Once you have an understanding of your visitors and their stories, you will be better able to address and prevent website troubles that will cause their journies to have an unhappy ending.
1. Feeling cheated
Always respect your visitors. Give them answers without treating them like children. Do not state the obvious and call it helpful information. This will leave a reader unsatisfied and distrustful of your firm.
Another thing that can cause visitors to feel cheated is being pulled into a topic that seems relevant only to be given a tone-deaf sales pitch or an answer that doesn’t satisfy their needs. For example, many attorneys have FAQs on their website, at least one of which takes the form:
Q. What can I expect from “x?” (Meeting, case length, process, etc.)
A. It depends, call us!
This is not helpful and likely even harmful, if your goal is to build trust with visitors and prompt them to call you. Instead, try the following:
a) Answer all questions honestly.
b) If you cannot answer a question ethically, do not pretend you are going to. Avoid posting the question and answer altogether.
c) Let the user know from the beginning they are reading sales copy. In the intro to any page content, you can advance your firm as the solution to the problem being discussed. Then, when a sales push is made at the end of the page, it does not seem so jarring to the user.
d) Integrate case examples or testimonials that illustrate what you are saying, so the sales pitch is understood to be an integral part of the content.
People expect certain actions to have certain results. They expect to find menus and a search at the top of a page. They expect links to be distinguished from surrounding copy. And, especially on mobile devices, they expect microinteractions to indicate the action they have taken, like clicking a button, has produced results.
When you remove the consistency from your website by breaking the norms, visitors are unlikely to take the time to stick around and learn a new system. They will click over to another site with comforting familiarity and end up calling a competitor.
Inconsistency can also strike a website when elements, like menus, are positioned in familiar places, but are not the same on every page. Broken links and unfamiliar scrolling actions, for example, can cause an unpleasant interruption in a visitor’s interaction with a site.
3. Making the hero work too hard
If you assume that the visitor is the hero of their story, then it makes sense that the hero be victorious. Victory may be filling out a form rather than slaying a dragon, but victory is the outcome, nonetheless. If your site throws up too many obstacles, victory will not be possible. Some barriers to success include:
a) Long intake forms. Each field lowers the chance a visitor will complete the form.

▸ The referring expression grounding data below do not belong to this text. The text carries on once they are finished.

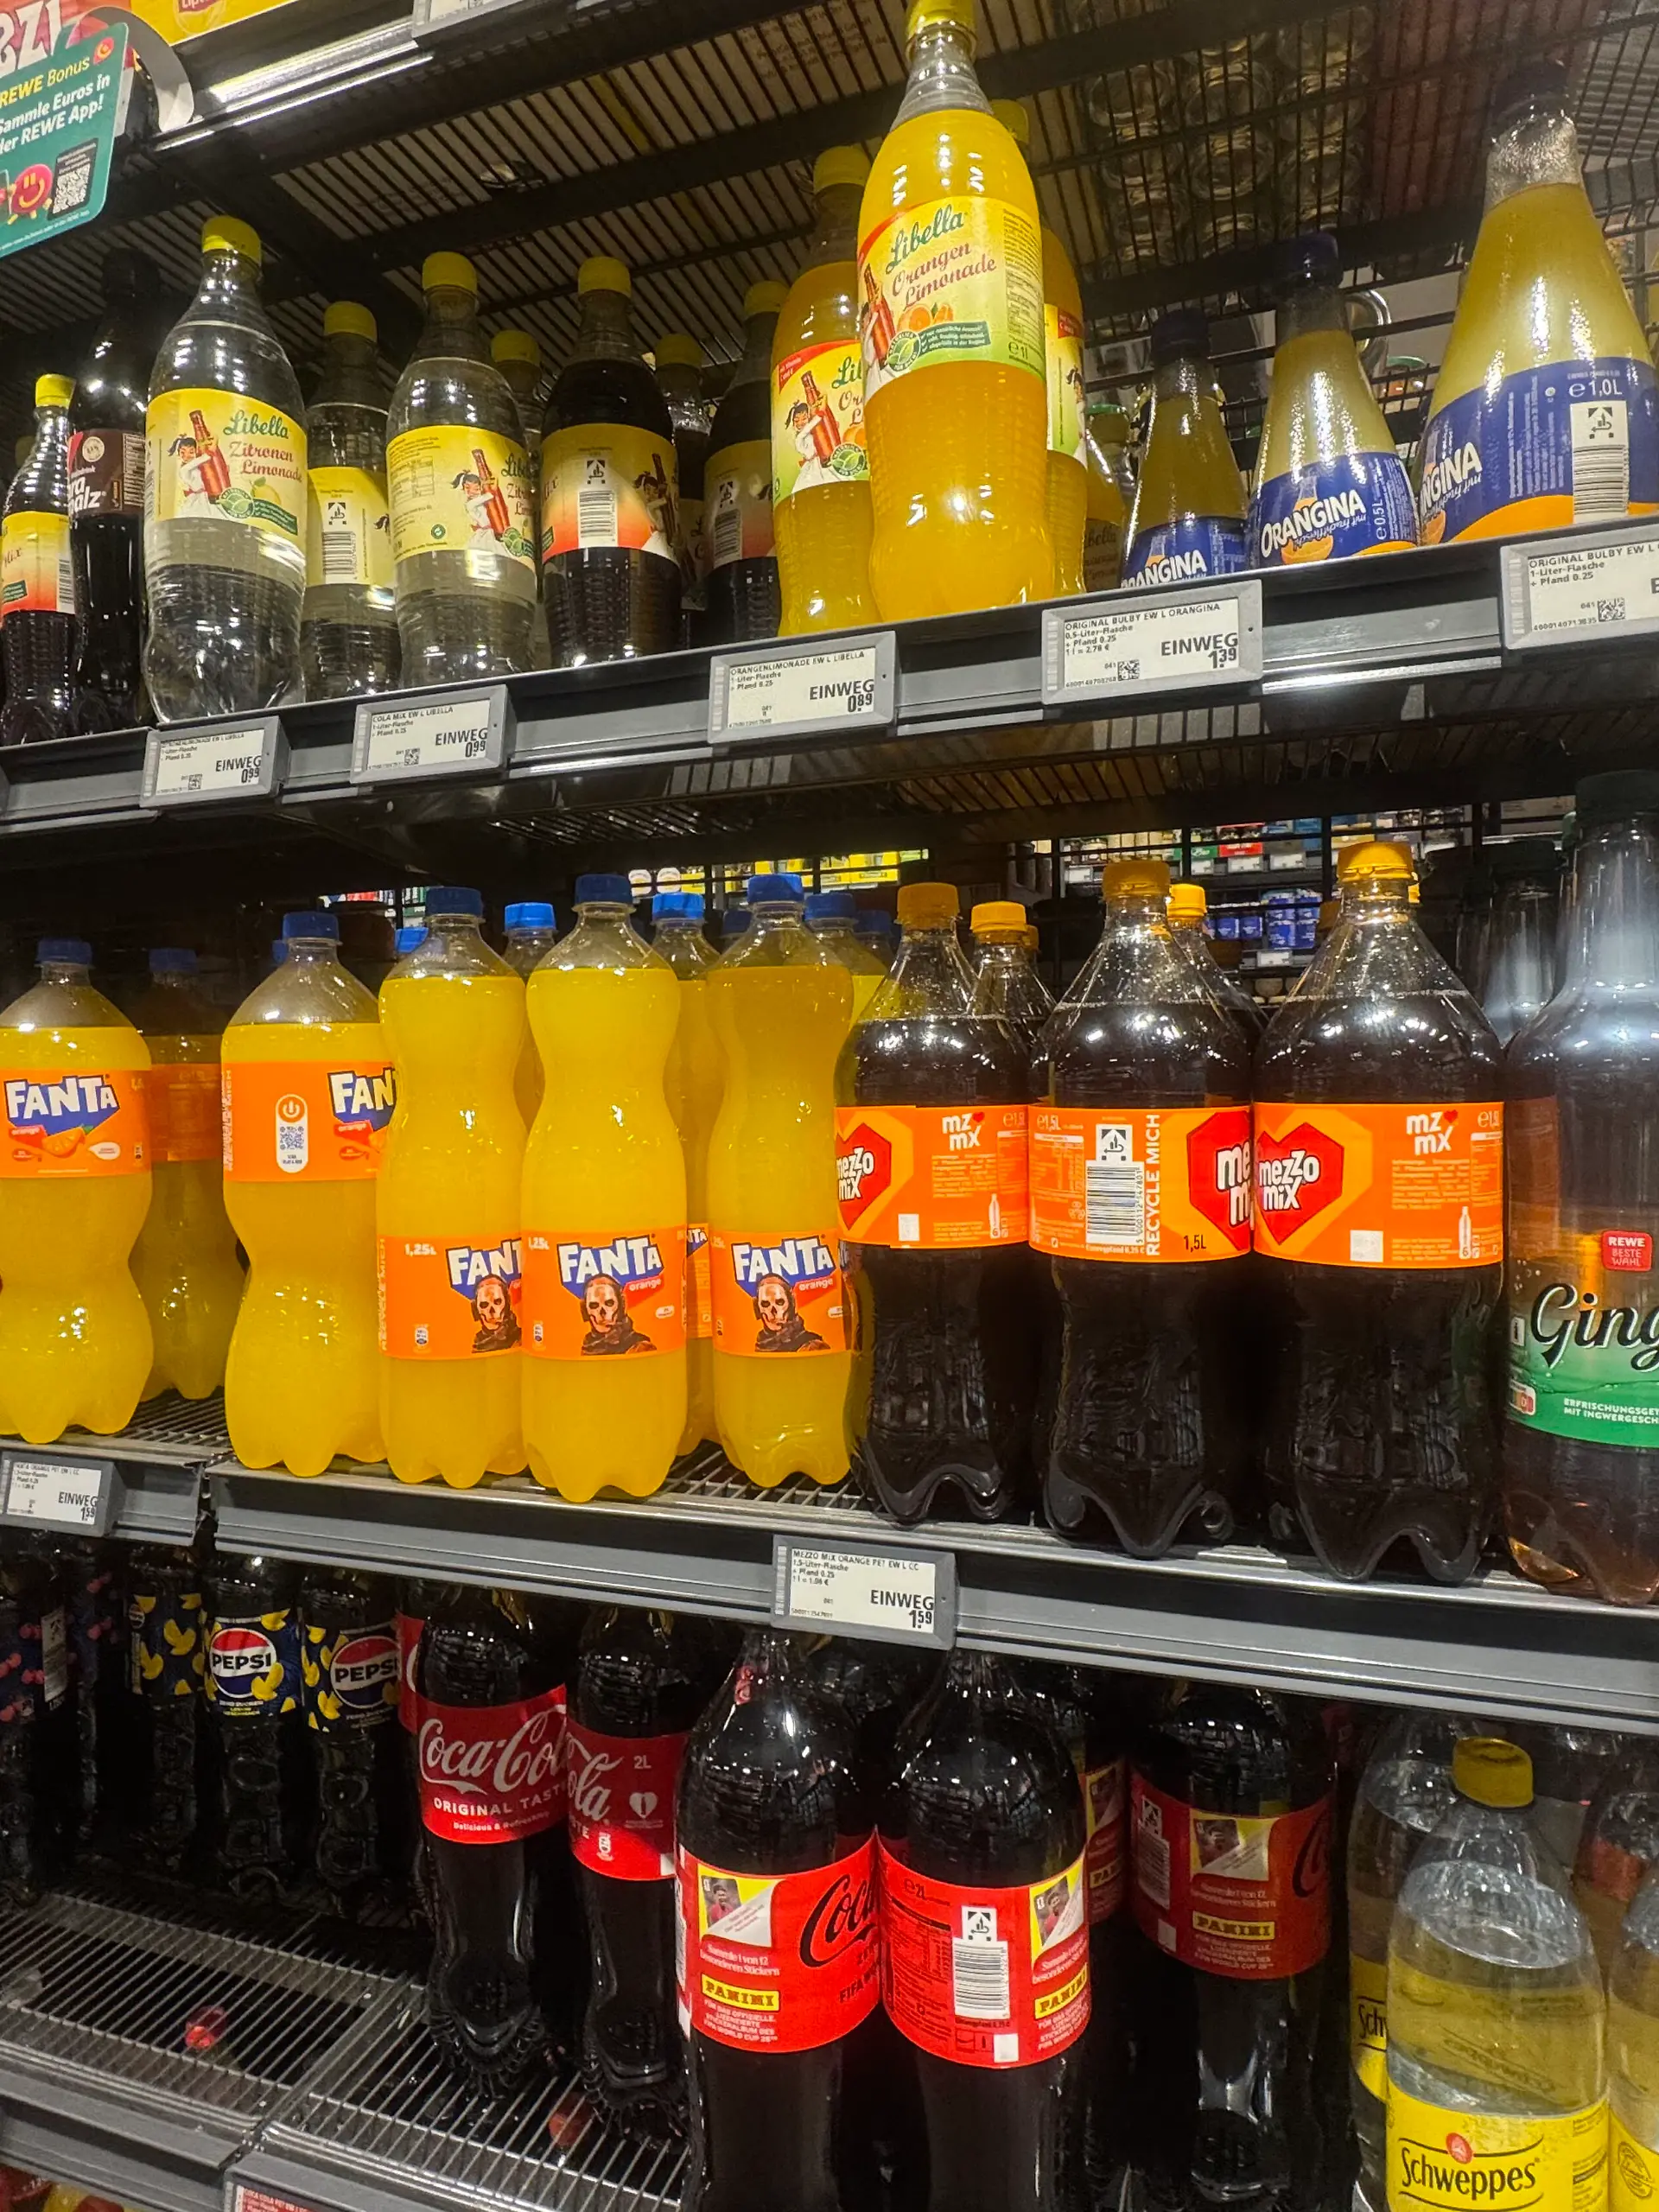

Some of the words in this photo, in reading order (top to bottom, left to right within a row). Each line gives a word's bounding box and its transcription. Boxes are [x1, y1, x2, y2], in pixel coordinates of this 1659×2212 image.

[0, 75, 44, 108] REWE
[47, 57, 90, 86] Bonus
[53, 83, 94, 111] Euros
[96, 73, 111, 91] in
[21, 111, 66, 145] REWE
[68, 93, 104, 124] App!
[886, 204, 963, 275] Libella
[892, 242, 971, 296] Orangen
[904, 253, 997, 311] Limonade
[1588, 379, 1623, 397] 1,0L
[223, 410, 289, 439] Libella
[229, 441, 294, 462] Zitronen
[240, 459, 302, 483] Limonade
[1262, 489, 1367, 558] ORANGINA
[1529, 555, 1583, 568] ORIGINAL
[1587, 548, 1623, 560] BULBY
[1627, 545, 1644, 555] EW
[1530, 562, 1605, 577] 1-Liter-Flasche
[1541, 575, 1569, 586] Pfand
[1573, 571, 1593, 582] 0.25
[1065, 619, 1109, 630] ORIGINAL
[1112, 614, 1141, 624] BULBY
[1144, 612, 1158, 621] EW
[1169, 603, 1220, 617] ORANGINA
[1065, 625, 1133, 639] 0.5-Liter-Flasche
[1073, 638, 1097, 647] Pfand
[1099, 634, 1116, 645] 0.25
[1161, 632, 1238, 657] EINWEG
[730, 658, 810, 676] ORANGENLIMONADE
[834, 651, 865, 662] LIBELLA
[810, 678, 874, 701] EINWEG
[426, 706, 454, 716] LIBELLA
[435, 728, 488, 746] EINWEG
[216, 755, 262, 772] EINWEG
[5, 1077, 118, 1120] FANTA
[330, 1070, 395, 1114] FAN
[942, 1113, 972, 1134] mz
[1407, 1112, 1443, 1135] mz
[1146, 1115, 1160, 1164] MICH
[1146, 1169, 1160, 1256] RECYCLE
[1183, 1234, 1206, 1252] 1,5L
[1608, 1236, 1645, 1247] REWE
[1612, 1248, 1642, 1258] BESTE
[448, 1238, 522, 1286] FANT
[558, 1236, 662, 1283] FANTA
[732, 1237, 834, 1282] FANTA
[1612, 1257, 1642, 1267] WAHL
[629, 1278, 661, 1291] orange
[798, 1277, 834, 1291] orange
[1564, 1407, 1581, 1416] MIT
[58, 1491, 99, 1507] EINWEG
[793, 1550, 818, 1560] MEZZO
[821, 1553, 836, 1561] MIX
[838, 1555, 870, 1566] ORANGE
[872, 1559, 886, 1567] PET
[870, 1590, 934, 1611] EINWEG
[213, 1652, 271, 1670] PEPSI
[335, 1657, 399, 1683] PEPSI
[633, 1755, 652, 1769] 2L
[434, 1797, 512, 1816] ORIGINAL
[520, 1783, 563, 1808] TAST
[1197, 1915, 1270, 1936] PANINI
[742, 1956, 759, 1965] von
[706, 1980, 774, 2006] PANINI
[1402, 2146, 1535, 2201] Schweppes

b) Long forms for free stuff. People expect to enter a name or email for a free download, but they will not tolerate more than one or two field requirements.
c) Hidden content, or content that is not obviously linked to.
d) Poor search functionality.
4. Cognitive Dissonance
Cognitive dissonance refers to a situation involving conflicting beliefs or actions. Cognitive dissonance is uncomfortable. It places a visitor in a state of mental conflict — one that people will likely try to escape.
Cognitive dissonance can be created on a website when the proposed intent of a page does not match the reality of its content. Some examples include:
- · Statistics that don’t fit into the page narrative or seem unrealistic
- · Content that seems to be there only for the sake of SEO
It can also be created when a firm tries to sell itself as elite, but pages have typos, use poor quality images, or contain obviously dated images that make the site seem low-quality.
And, cognitive dissonance can occur when the formatting of a web page breaks the flow. For example, strange bolding in the middle of sentences or lines of content that are too close together pull readers out of the narrative and force them to focus on the physical words themselves.
Any website issue that pulls a user out of the experience can be detrimental to a future relationship with that user. Understanding your visitors’ stories and expectations can help your firm anticipate issues and provide a smooth journey from visitor to client.